Why Cross-validation?
Cross-validation is a way to measure how well your model forecasts unseen observations. It also helps with balancing under or overfitting.

Under and overfitting is how your model captures the underlying patterns in the time series. Underfitting is an insipid model—too simple, whereas overfitting is a Rube Goldberg machine. It might look great on observed data but breaks down quickly in forecasts.
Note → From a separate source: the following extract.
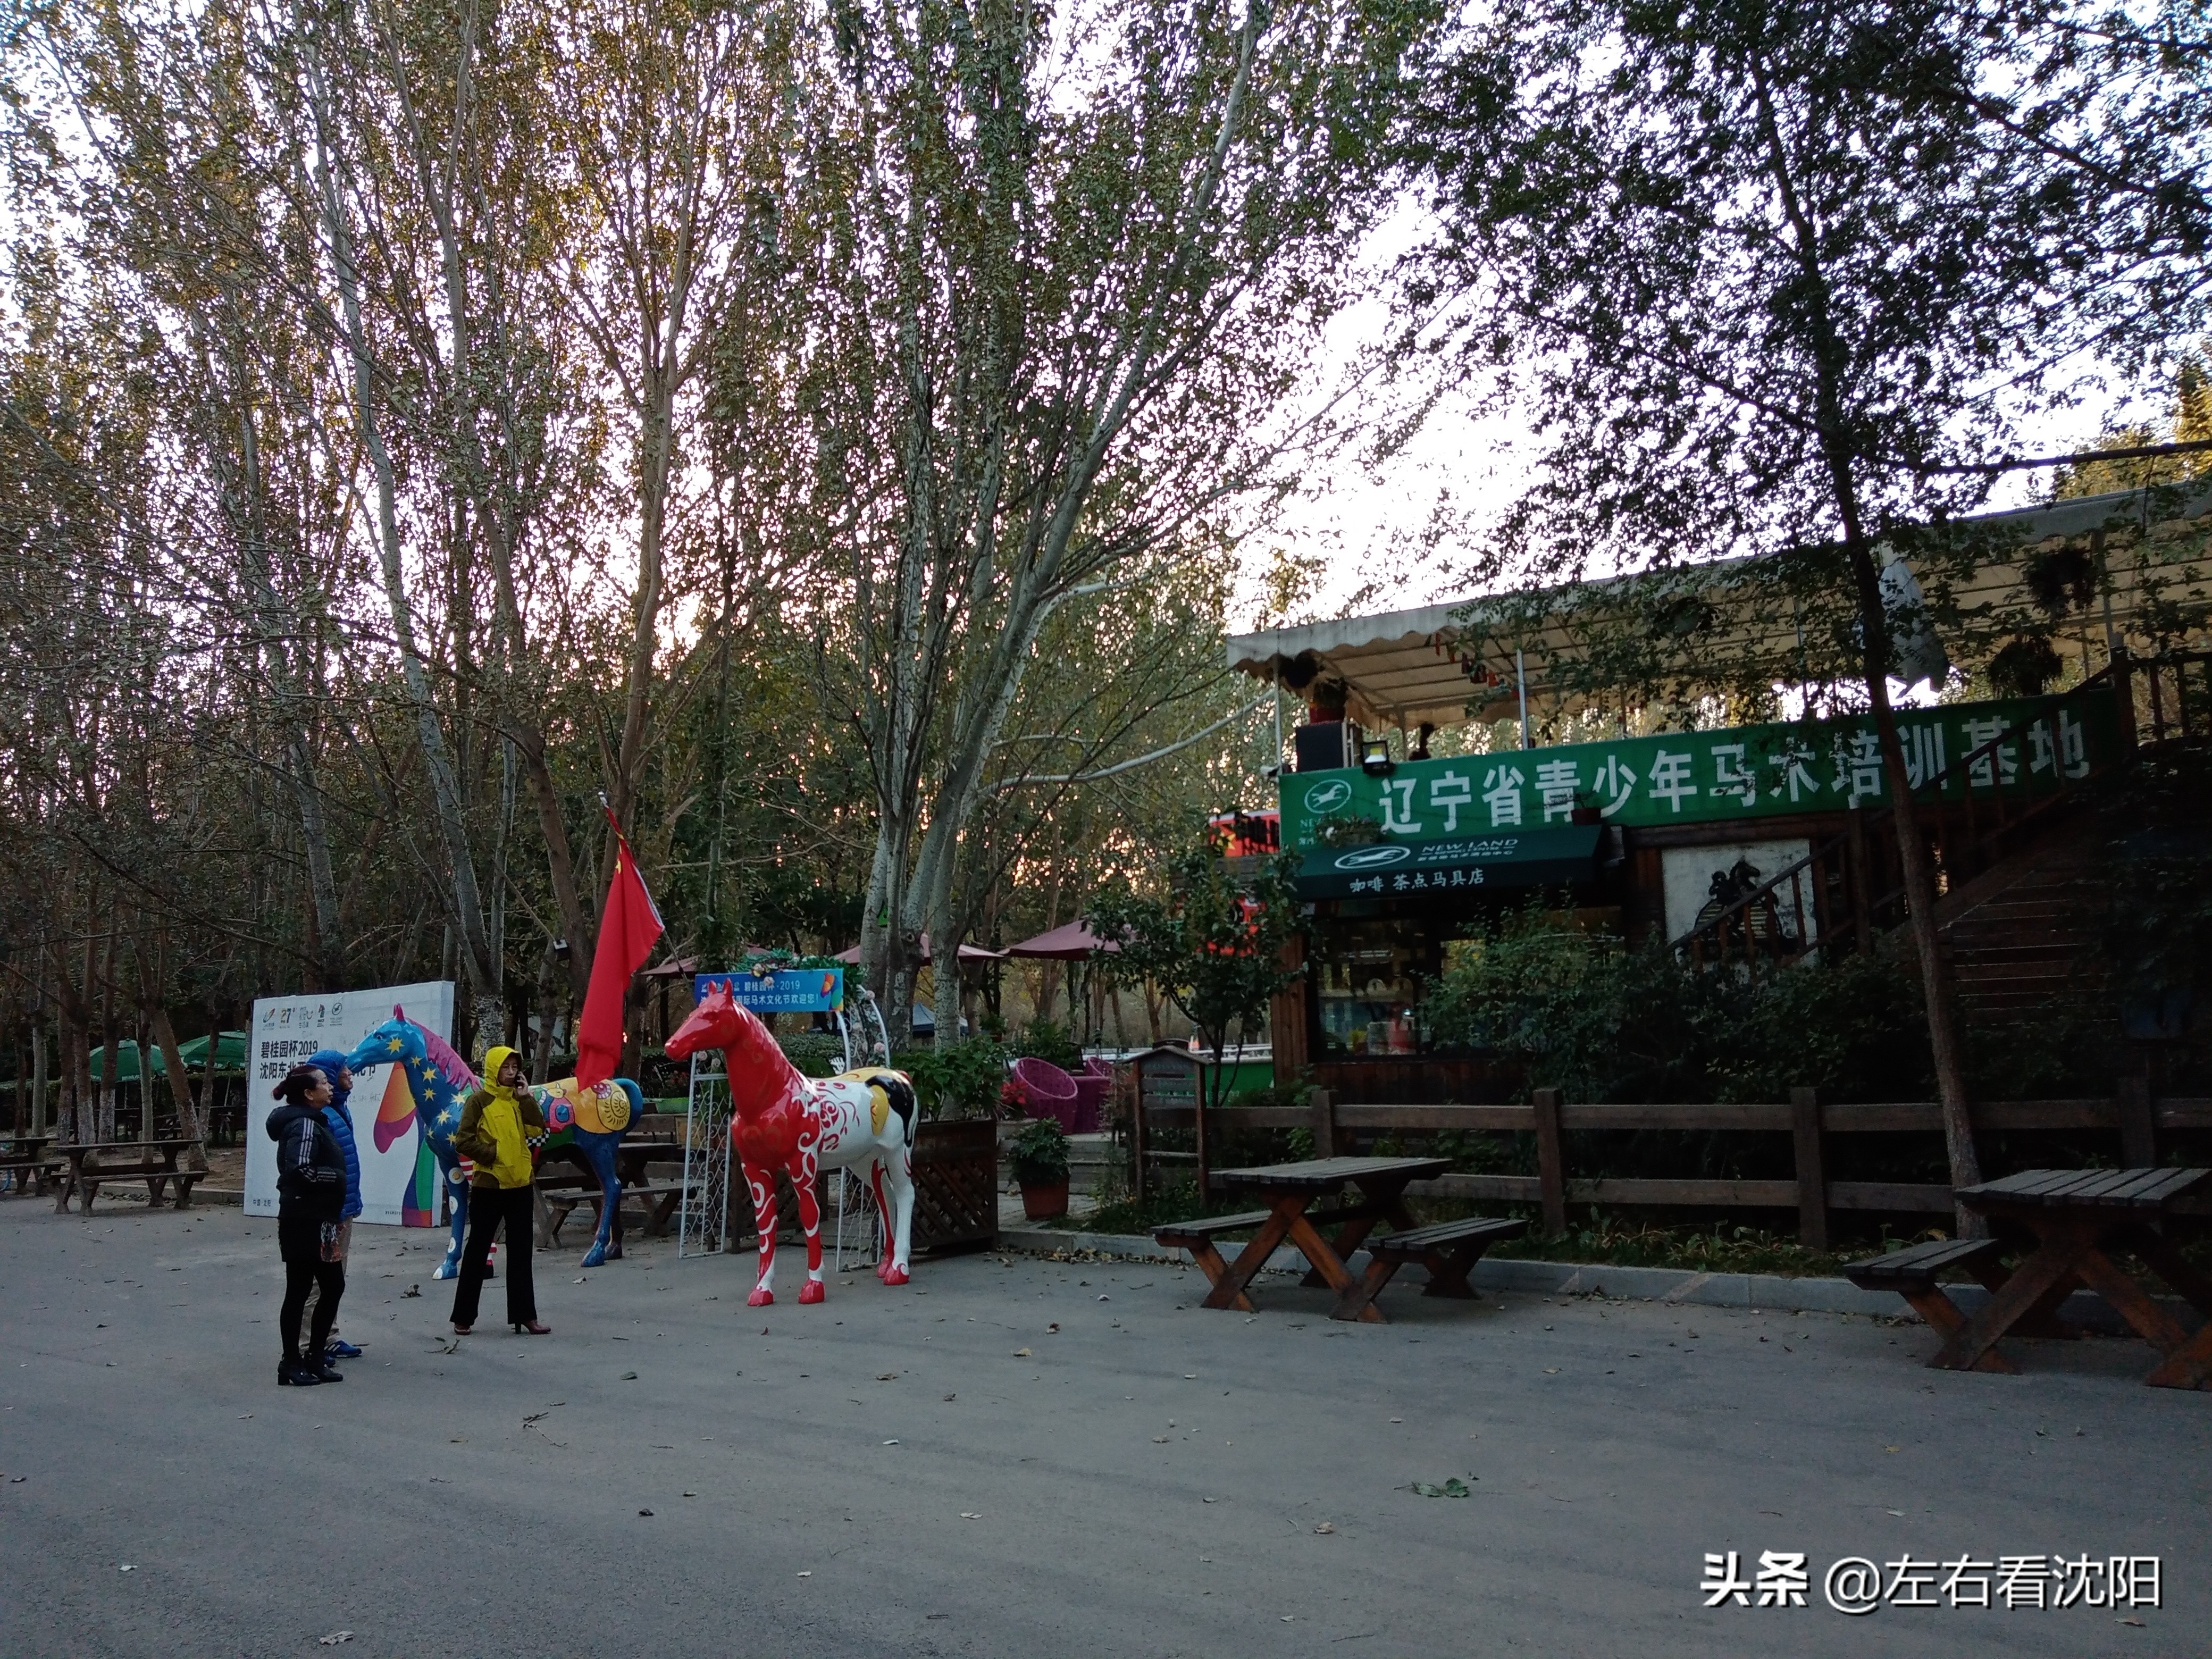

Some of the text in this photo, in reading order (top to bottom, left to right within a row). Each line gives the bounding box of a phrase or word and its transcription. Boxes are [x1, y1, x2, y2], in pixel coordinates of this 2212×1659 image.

[1378, 709, 2090, 834] 辽宁省青少年马术培训基地
[1422, 842, 1463, 852] NEW
[1350, 867, 1485, 893] 咖啡 茶点马具店
[261, 1040, 319, 1059] 碧桂园杯2019
The example shows three models on the same data: Underfitting, Fitting, and Overfitting. Underfitting is the average of the observations. It does nothing to try and capture trends or seasonality patterns. The Fitting example is an ARIMA model with drift (trend) and some simple seasonality. Overfitting is also an ARIMA model but has excessive parameters. Note how well the model fits the first 24 observations. It looks impressive but comes at the cost of poor forecasts. You can already sense it's trending too quickly beyond the observed data. Later, we will see how the Fitting example ARIMA model cross-validates. 

To do cross-validation, partition your data into training and testing sets. Then, build your model on the training set and see how it performs on the testing set. A model should perform reasonably on the testing data—observations unseen by the model.

Measuring Performance
Many model-fit statistics exist to measure performance on training or testing data. For cross-validation, I focus on measuring performance on the testing data. I will cover two statistics I like because they have a built-in comparison to zero. 


$$ \text{Mean Absolute Error (MAE)} = \frac{1}{n} \sum_{t=1}^{n} |y_t - \hat{y}_t| $$
\(n\), number of observations being compared 
\(t\), observation index
\( y_t\), the observed value at time \(t\)
\(\hat{y}_t\), the forecasted value at time \(t\)

The difference \((y_t - \hat{y}_t)\) may seem familiar because that is a residual if you recall regression models from intro stats. 


$$ \text{Mean Absolute Percentage Error (MAPE)} = \frac{1}{n} \sum_{t=1}^{n} \left| \frac{y_t - \hat{y}_t}{y_t} \right| $$

MAPE is similar to MAE and is scaled by the observation \(y_t\), which makes it a unitless measure.

I mentioned liking these measures because zero is a natural baseline. However, zero can also be their weakness. If your time series data happens to include zero or near-zero values, it will undesirably influence your statistics. Imagine you go to calculate MAPE, and your observation is zero, and you divide by zero, then try to take the mean of that—#DIV/0!, anyone? If you have this problem, check out scaled errors here.

Designing Your Cross-validation
The context of your forecast will inform the design of your cross-validation. You want to understand how much data you'll usually have for training a model and how far out your forecast typically is. Because time series has a temporal element, you have to keep your data ordered and together: training followed by testing data. For example, suppose you usually have 36 months of data to forecast the next 12. Then, try to use 36 months of training data on 12 months of testing data. 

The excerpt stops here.